CS 294-67, Spring 2011: Sequential Decisions: Planning and Reinforcement Learning
Reading list

This list is still under construction. An empty bullet item indicates more readings to come for that week.
Books

Reinforcement Learning: An Introduction by Richard S. Sutton and Andrew G. Barto. MIT Press, 1998. (a.k.a. S+B)
Neuro-Dynamic Programming by Dimitri P. Bertsekas and John Tsitsiklis. Athena Scientific, 1996. (a.k.a. B+T)
For background: relevant sections of Artificial Intelligence: A Modern Approach, 3rd edition by Stuart Russell and Peter Norvig. Pearson, 2010. (a.k.a. R+N)

Week 1 (1/19): Agents, environments, Markov decision processes

S+B 1, 3
Ch.1 gives a nontechnical motivation for studying RL and an extensive history. Ch.3 introduces the basic MDP definitions and Bellman equations at some length, including some excellent examples (golf in particular).
B+T 1, 2.1, 2.4
Ch.1 concisely summarizes the whole book, stressing the approach of sample-based function approximation. 2.1 and 2.4 define MDPs and give examples of MDP formulation.
R+N, 2, 17.1.
Ch.2 explores the range of environment types, agent types, and agent-environment relationships. 17.1 defines MDPs less technically than B+T and more concisely than S+B.

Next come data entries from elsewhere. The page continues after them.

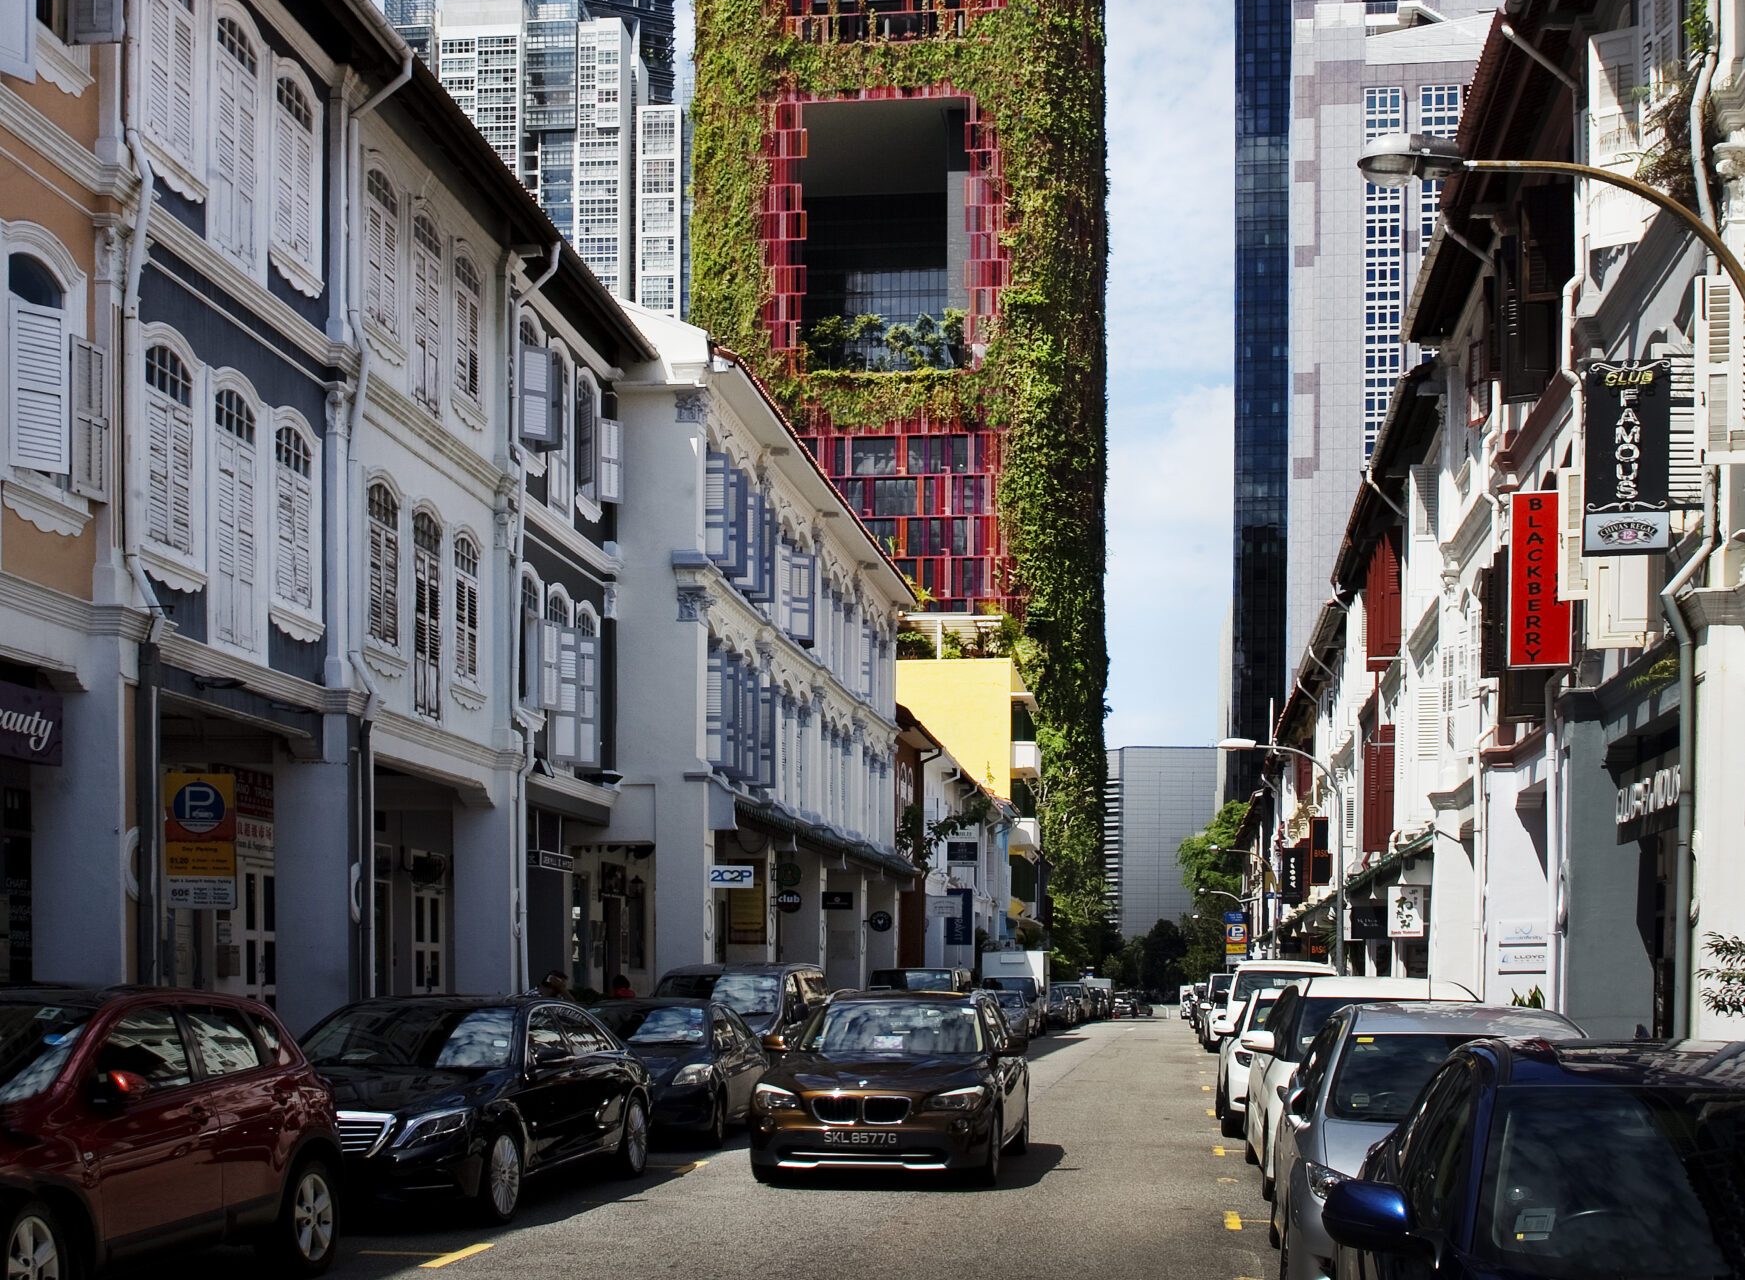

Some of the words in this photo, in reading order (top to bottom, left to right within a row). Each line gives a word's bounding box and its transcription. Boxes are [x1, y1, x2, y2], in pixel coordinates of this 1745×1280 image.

[1604, 370, 1654, 387] CLUB
[1614, 388, 1641, 500] FAMOUS
[1600, 522, 1629, 537] CHIVAS
[1630, 522, 1656, 536] REGAL
[1524, 497, 1545, 663] BLACKBERRY
[777, 895, 801, 903] club

Week 2 (1/26): Dynamic programming

S+B 4
A nice introduction to policy evaluation, policy improvement, policy iteration, and value iteration, with some helpful diagrams.
B+T 2.2, 2.3.
Technical introduction emphasizing operator formulations and convergence proofs. 2.2 covers episodic (stochastic shortest-path) problems, while 2.3 covers continuing, discounted, infinite-horizon problems. These sections are quite similar to each other, but 2.2 is more complicated. Focus primarily on 2.3, but refer back to 2.2 as needed for some of the lemmas.
R+N 17.2-3
Brief analysis of value and policy iteration with simplified proofs where possible.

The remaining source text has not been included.